Without the images, write out the whole listing exactly.

== Dataset records ==

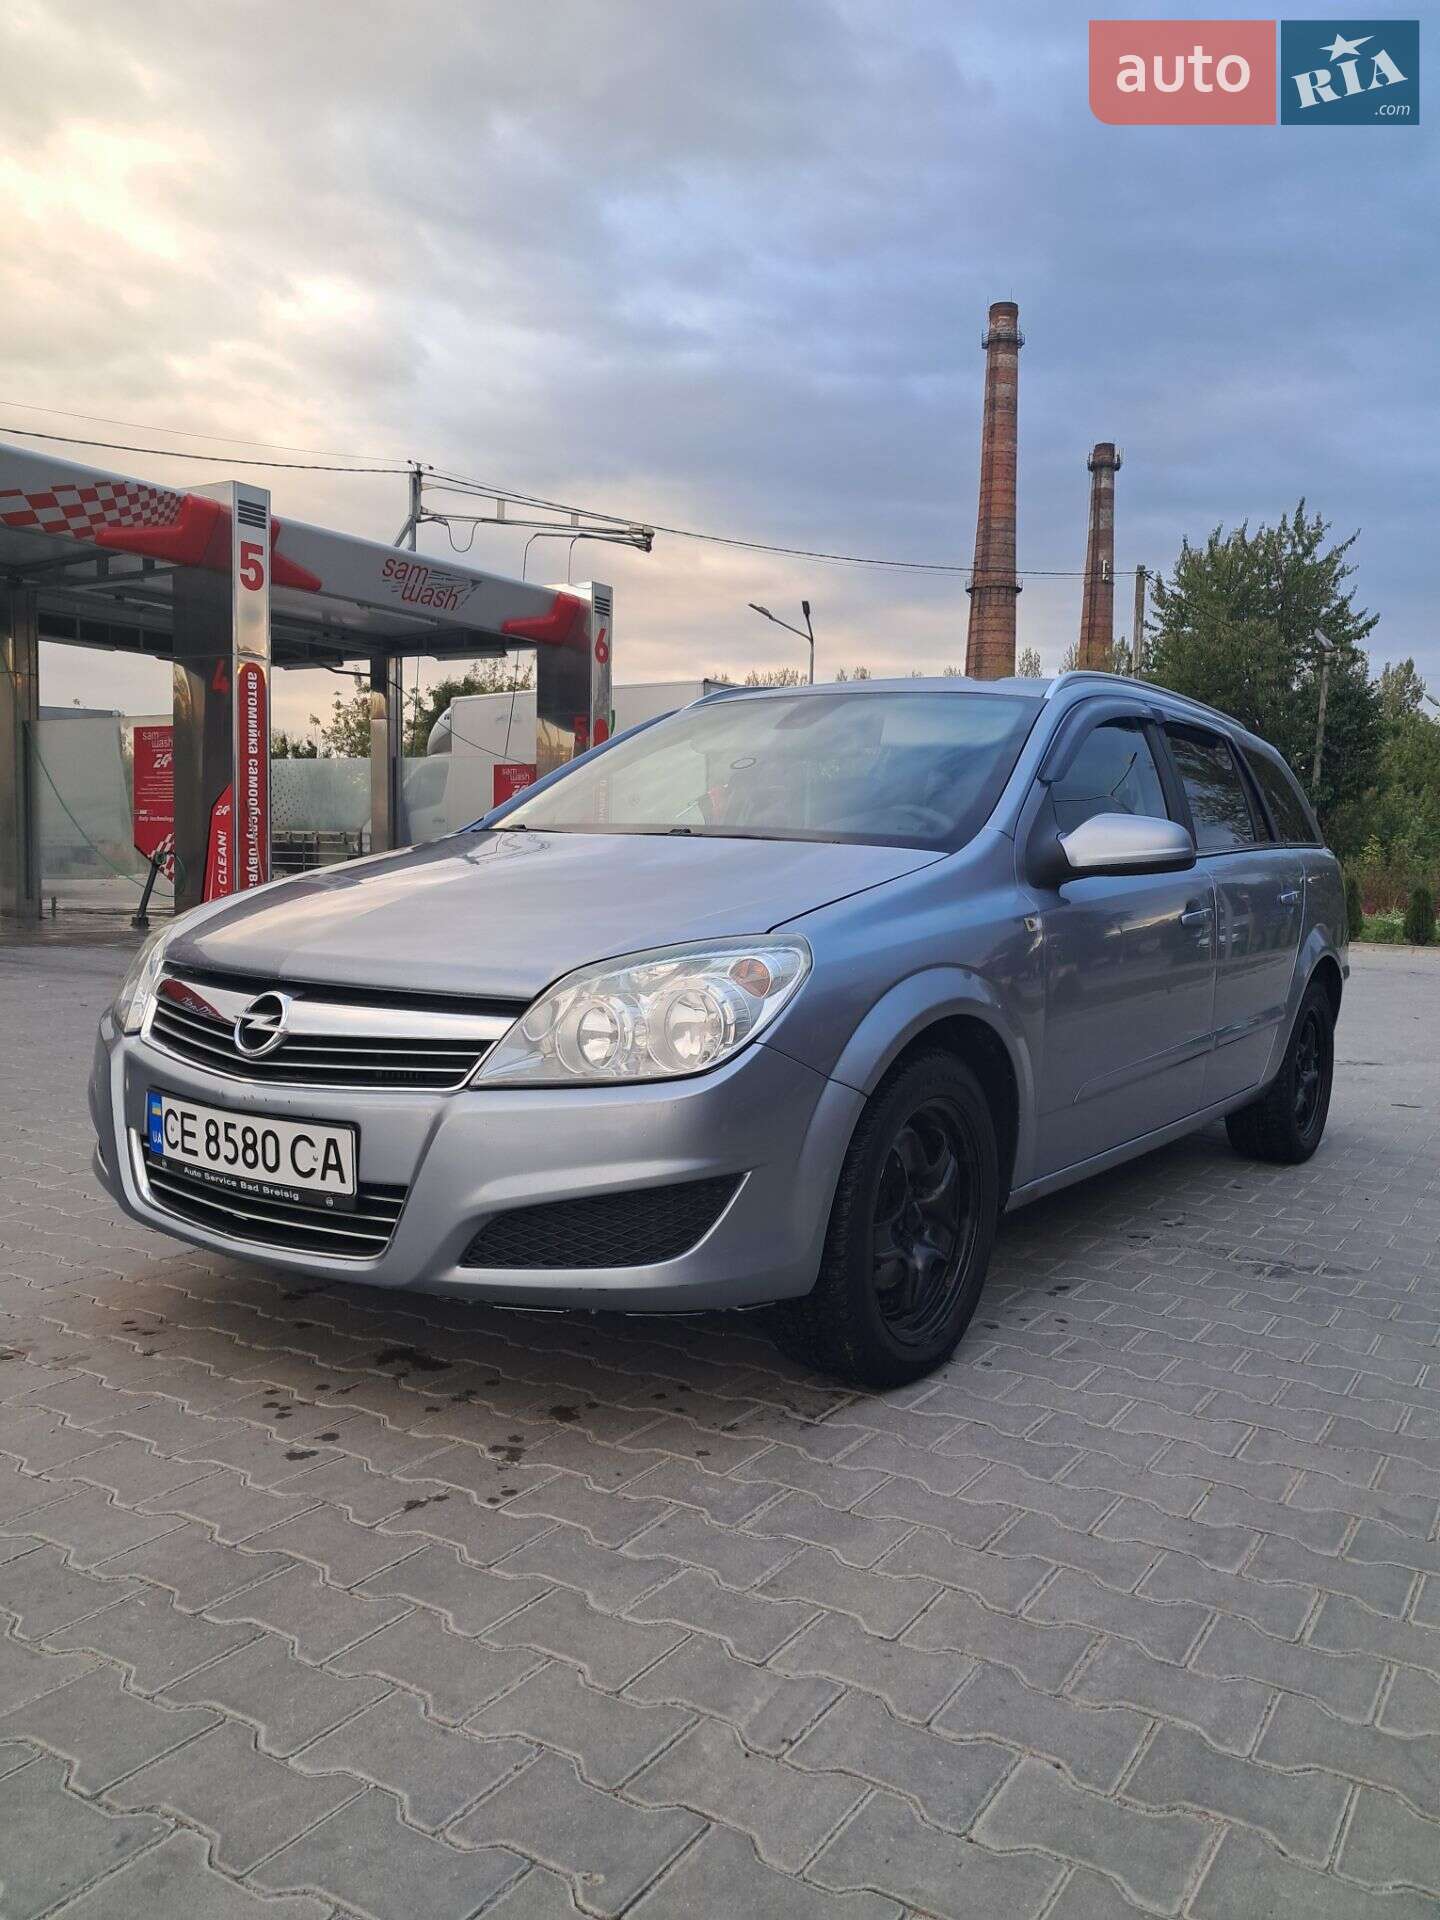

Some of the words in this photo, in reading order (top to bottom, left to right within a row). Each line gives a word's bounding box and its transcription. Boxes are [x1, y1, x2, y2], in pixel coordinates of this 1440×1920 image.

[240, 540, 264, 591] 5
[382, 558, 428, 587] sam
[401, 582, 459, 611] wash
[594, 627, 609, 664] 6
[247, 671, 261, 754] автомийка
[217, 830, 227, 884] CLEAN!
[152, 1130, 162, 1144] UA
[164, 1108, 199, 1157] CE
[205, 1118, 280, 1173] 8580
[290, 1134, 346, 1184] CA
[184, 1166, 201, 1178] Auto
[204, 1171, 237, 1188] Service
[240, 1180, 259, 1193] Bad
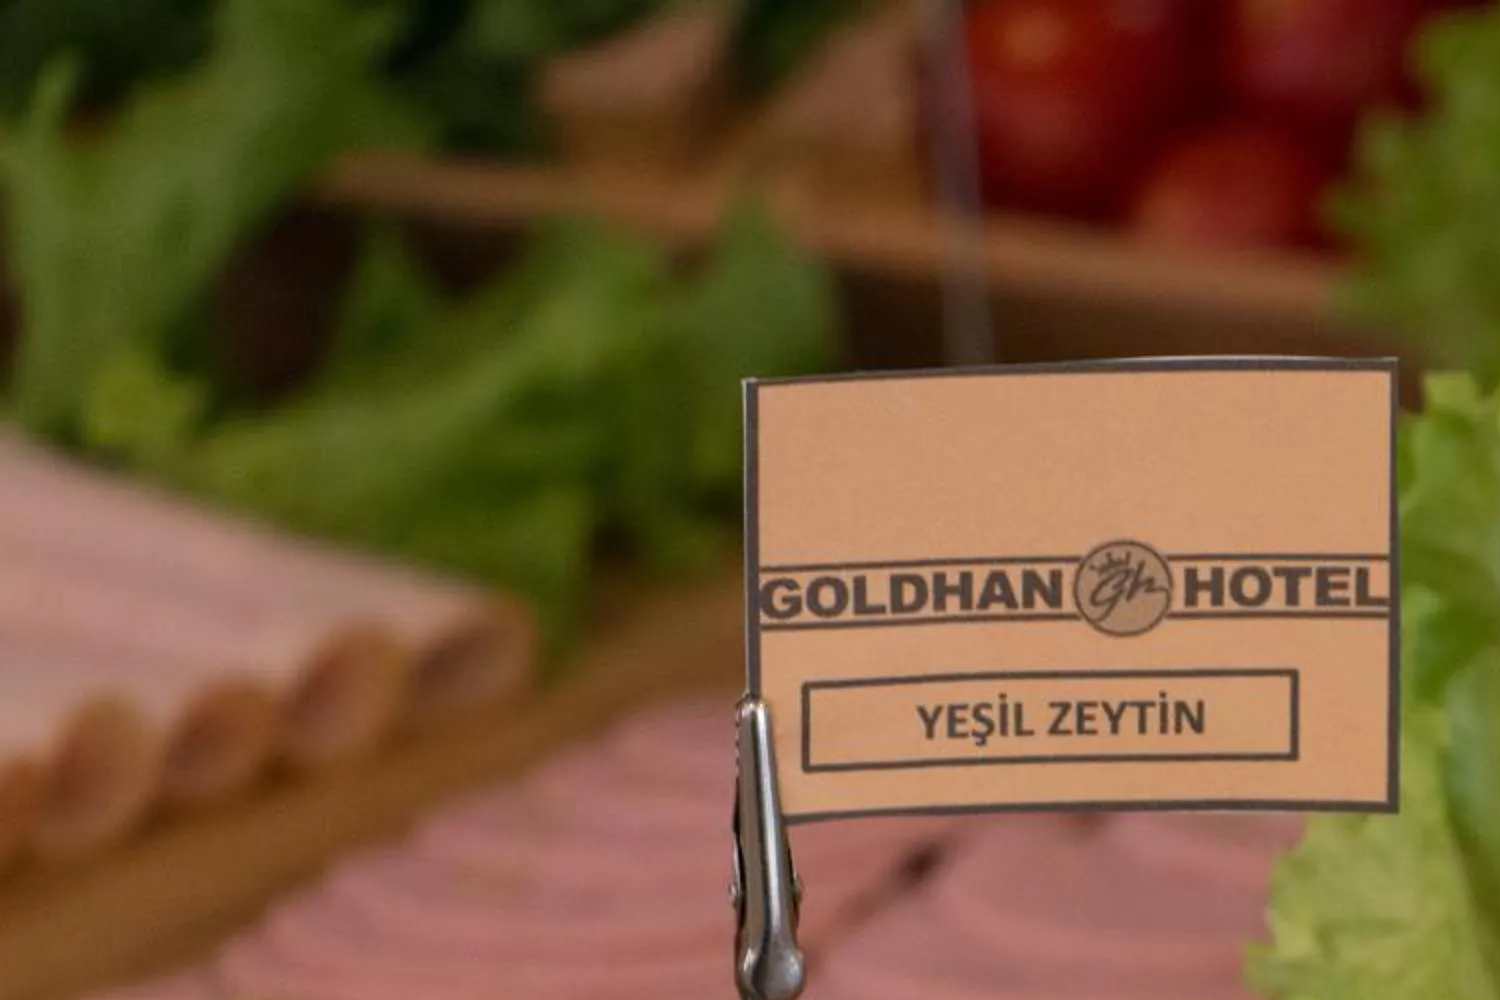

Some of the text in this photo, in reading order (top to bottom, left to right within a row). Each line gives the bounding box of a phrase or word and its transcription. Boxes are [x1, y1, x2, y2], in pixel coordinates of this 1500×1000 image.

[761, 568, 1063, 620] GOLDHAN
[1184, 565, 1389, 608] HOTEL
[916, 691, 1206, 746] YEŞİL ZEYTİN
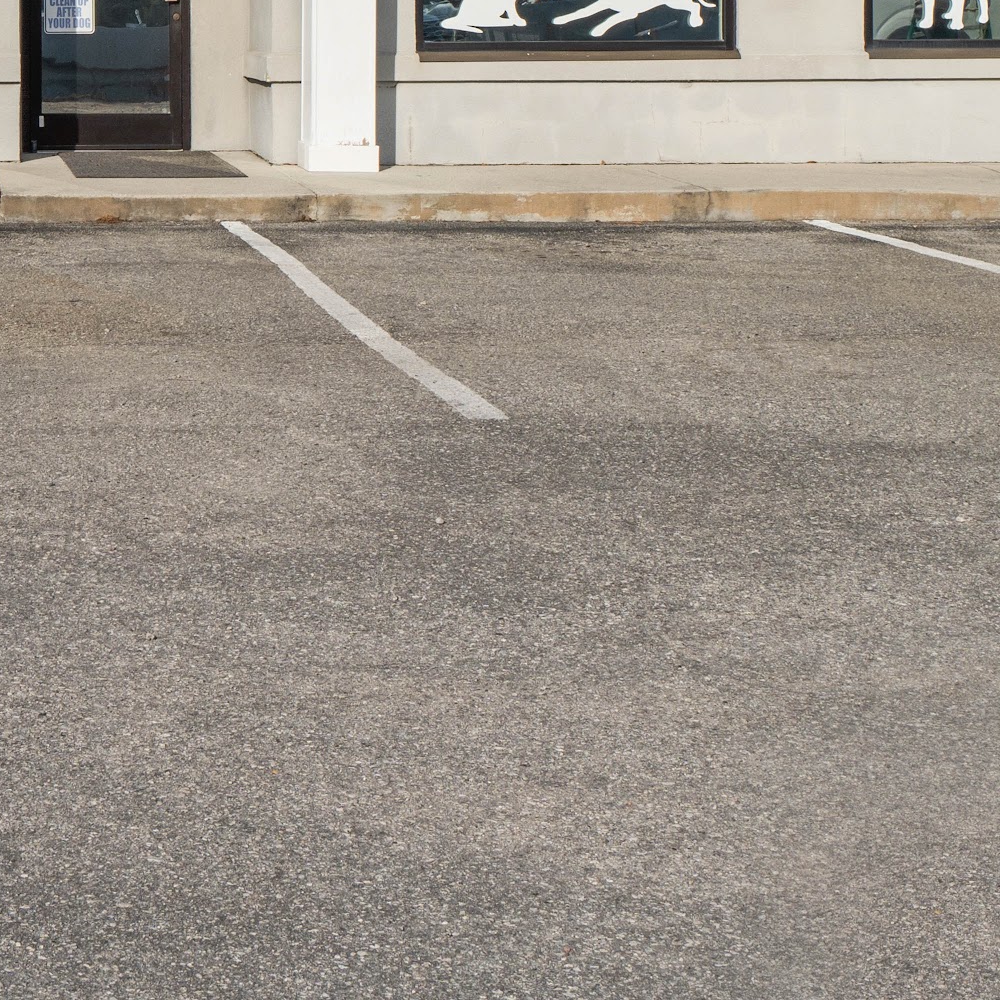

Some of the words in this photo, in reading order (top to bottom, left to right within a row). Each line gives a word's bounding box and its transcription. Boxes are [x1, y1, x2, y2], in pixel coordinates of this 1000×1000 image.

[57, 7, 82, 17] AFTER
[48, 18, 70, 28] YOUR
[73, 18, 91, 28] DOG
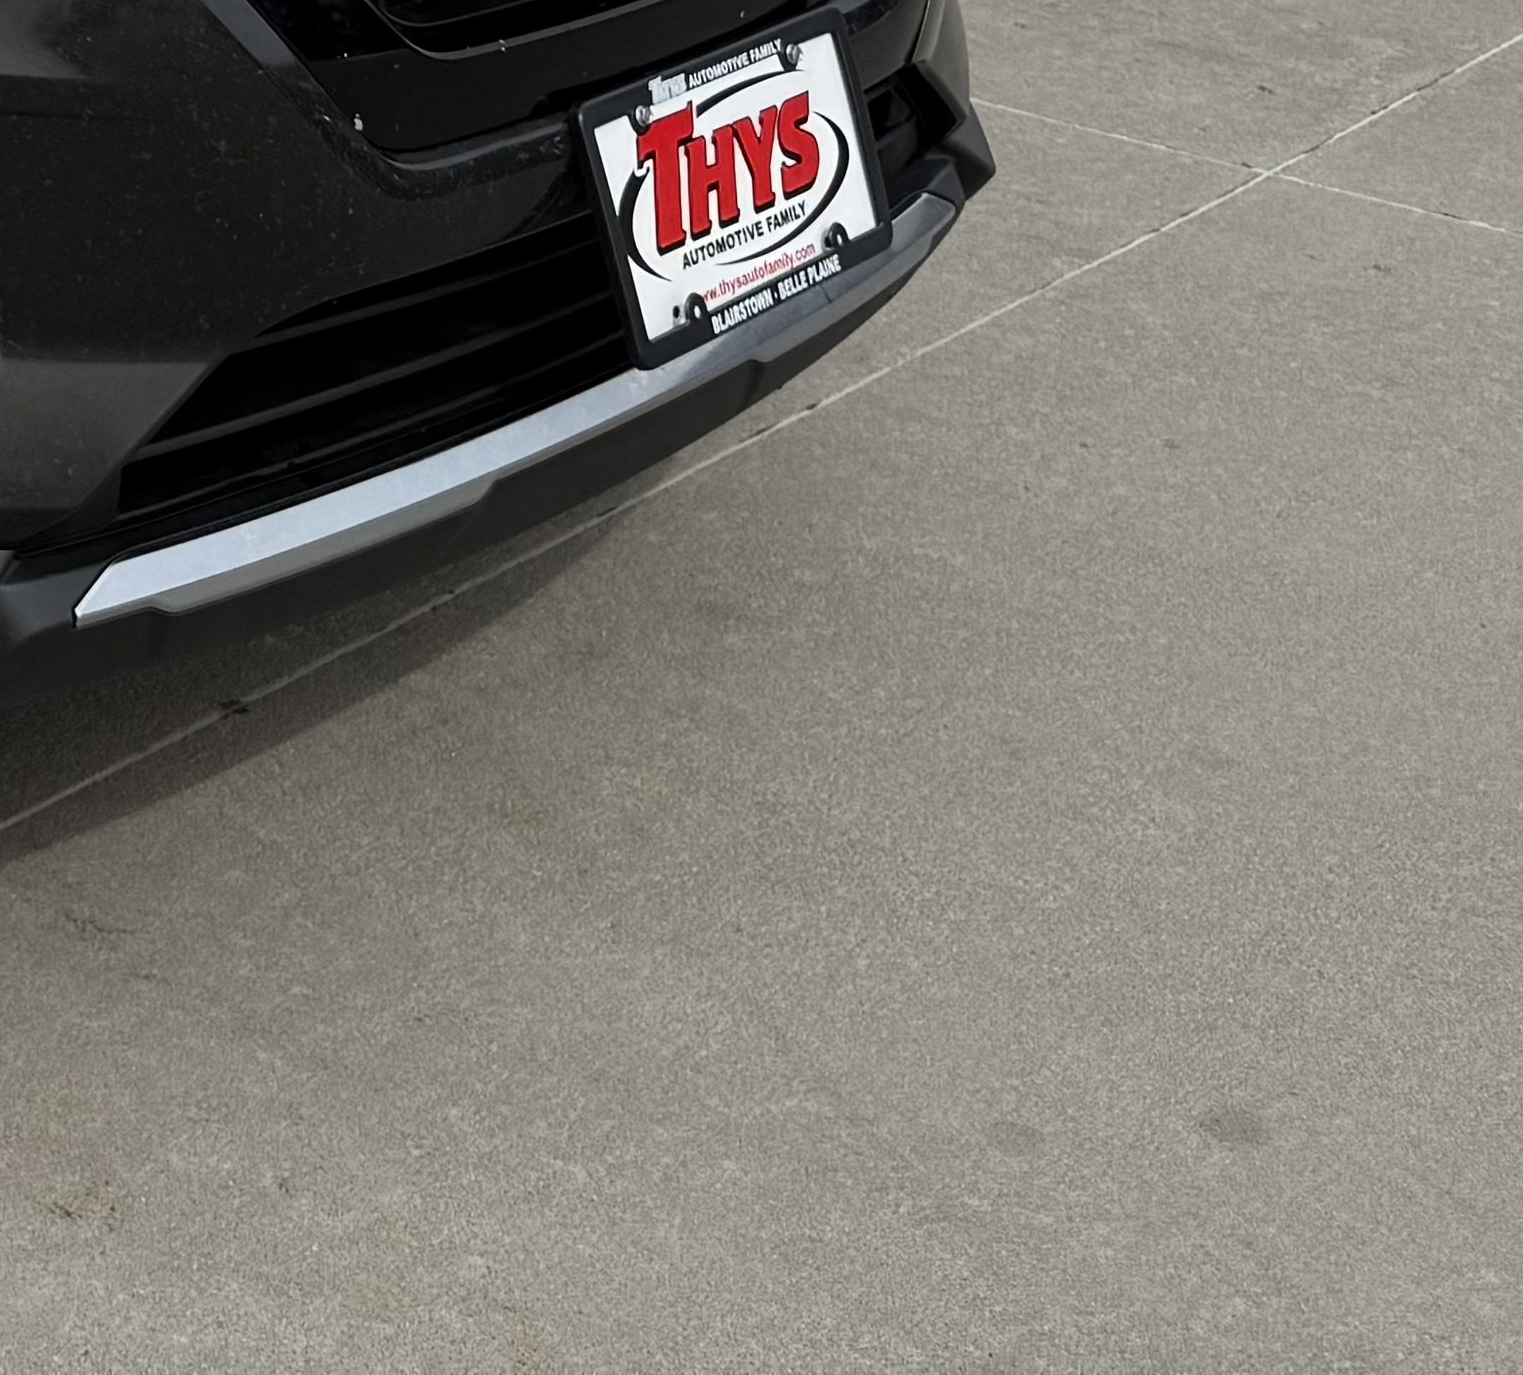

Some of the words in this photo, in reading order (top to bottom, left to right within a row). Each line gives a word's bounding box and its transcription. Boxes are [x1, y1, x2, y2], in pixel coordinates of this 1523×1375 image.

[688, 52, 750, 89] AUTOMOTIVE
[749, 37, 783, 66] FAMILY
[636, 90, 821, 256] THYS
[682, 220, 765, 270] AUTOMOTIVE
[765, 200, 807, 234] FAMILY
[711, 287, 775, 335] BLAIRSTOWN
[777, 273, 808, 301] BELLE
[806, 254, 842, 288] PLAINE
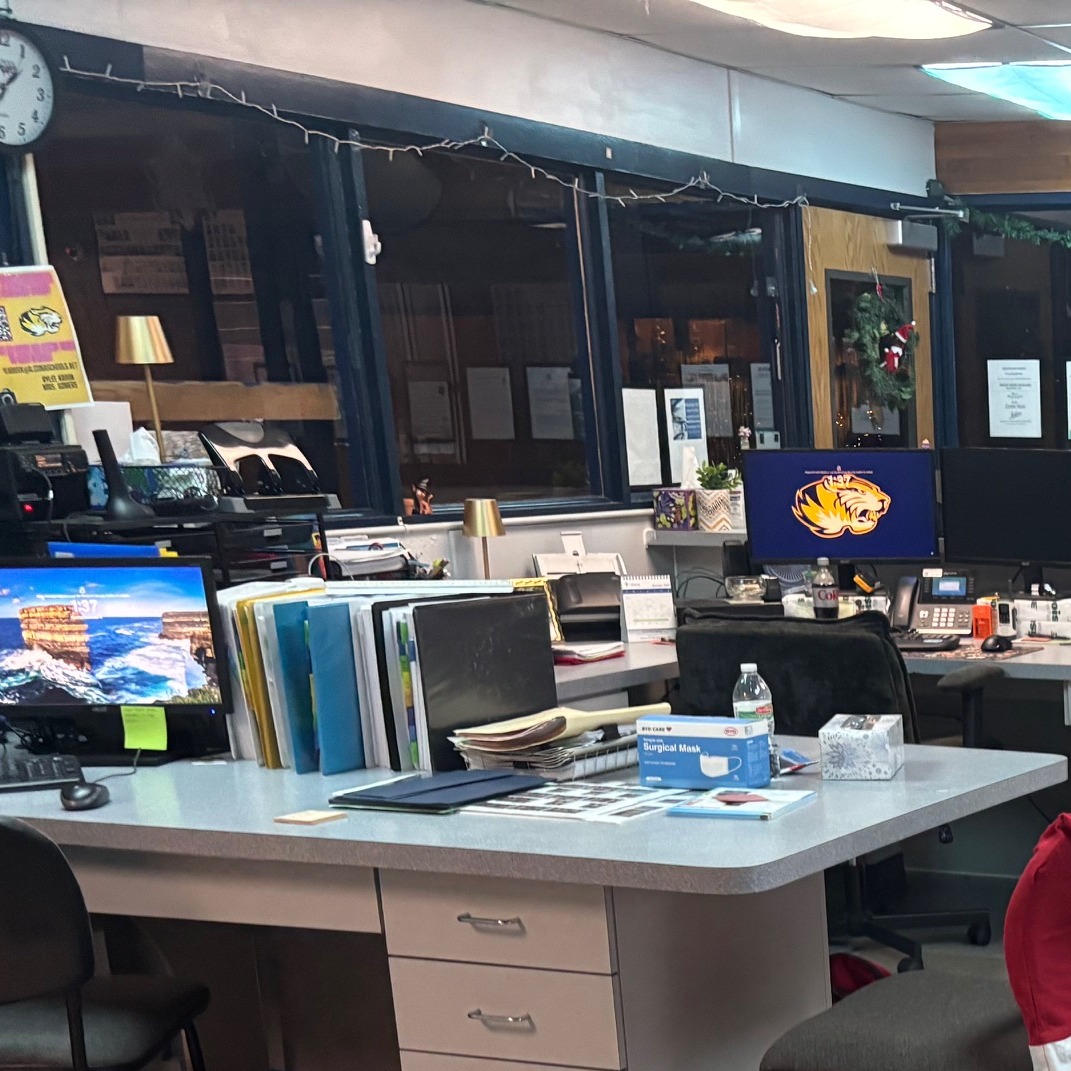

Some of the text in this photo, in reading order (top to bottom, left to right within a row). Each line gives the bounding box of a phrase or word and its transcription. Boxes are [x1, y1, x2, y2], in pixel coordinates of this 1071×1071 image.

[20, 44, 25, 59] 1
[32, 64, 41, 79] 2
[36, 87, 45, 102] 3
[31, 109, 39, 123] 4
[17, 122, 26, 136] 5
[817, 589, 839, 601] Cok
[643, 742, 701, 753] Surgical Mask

===

(Written answer)
Some of the words in this photo, in reading order (top to bottom, left to right within a row). Each line gives a word's bounding box and its transcription. Boxes are [x1, y1, x2, y2], in pixel coordinates of this 1440×1920 image.

[240, 540, 264, 591] 5
[382, 558, 428, 587] sam
[401, 582, 459, 611] wash
[594, 627, 609, 664] 6
[247, 671, 261, 754] автомийка
[217, 830, 227, 884] CLEAN!
[152, 1130, 162, 1144] UA
[164, 1108, 199, 1157] CE
[205, 1118, 280, 1173] 8580
[290, 1134, 346, 1184] CA
[184, 1166, 201, 1178] Auto
[204, 1171, 237, 1188] Service
[240, 1180, 259, 1193] Bad

Some of the text in this photo, in reading order (top to bottom, left to right within a row). Each line gives the bounding box of a phrase or word and its transcription. Boxes are [x1, y1, x2, y2], in pixel coordinates of this 1500×1000 image.

[761, 568, 1063, 620] GOLDHAN
[1184, 565, 1389, 608] HOTEL
[916, 691, 1206, 746] YEŞİL ZEYTİN

Some of the words in this photo, in reading order (top to bottom, left to right within a row). Each line gives a word's bounding box and its transcription. Boxes are [x1, y1, x2, y2], in pixel coordinates of this 1000×1000 image.

[57, 7, 82, 17] AFTER
[48, 18, 70, 28] YOUR
[73, 18, 91, 28] DOG

Some of the words in this photo, in reading order (top to bottom, left to right within a row). Each line gives a word's bounding box and its transcription. Boxes are [x1, y1, x2, y2], in pixel coordinates of this 1523×1375 image.

[688, 52, 750, 89] AUTOMOTIVE
[749, 37, 783, 66] FAMILY
[636, 90, 821, 256] THYS
[682, 220, 765, 270] AUTOMOTIVE
[765, 200, 807, 234] FAMILY
[711, 287, 775, 335] BLAIRSTOWN
[777, 273, 808, 301] BELLE
[806, 254, 842, 288] PLAINE

Some of the text in this photo, in reading order (top to bottom, left to right within a row). Each line gives the bounding box of a phrase or word and its transcription. Boxes are [x1, y1, x2, y2], in pixel coordinates of this 1071×1071 image.

[20, 44, 25, 59] 1
[32, 64, 41, 79] 2
[36, 87, 45, 102] 3
[31, 109, 39, 123] 4
[17, 122, 26, 136] 5
[817, 589, 839, 601] Cok
[643, 742, 701, 753] Surgical Mask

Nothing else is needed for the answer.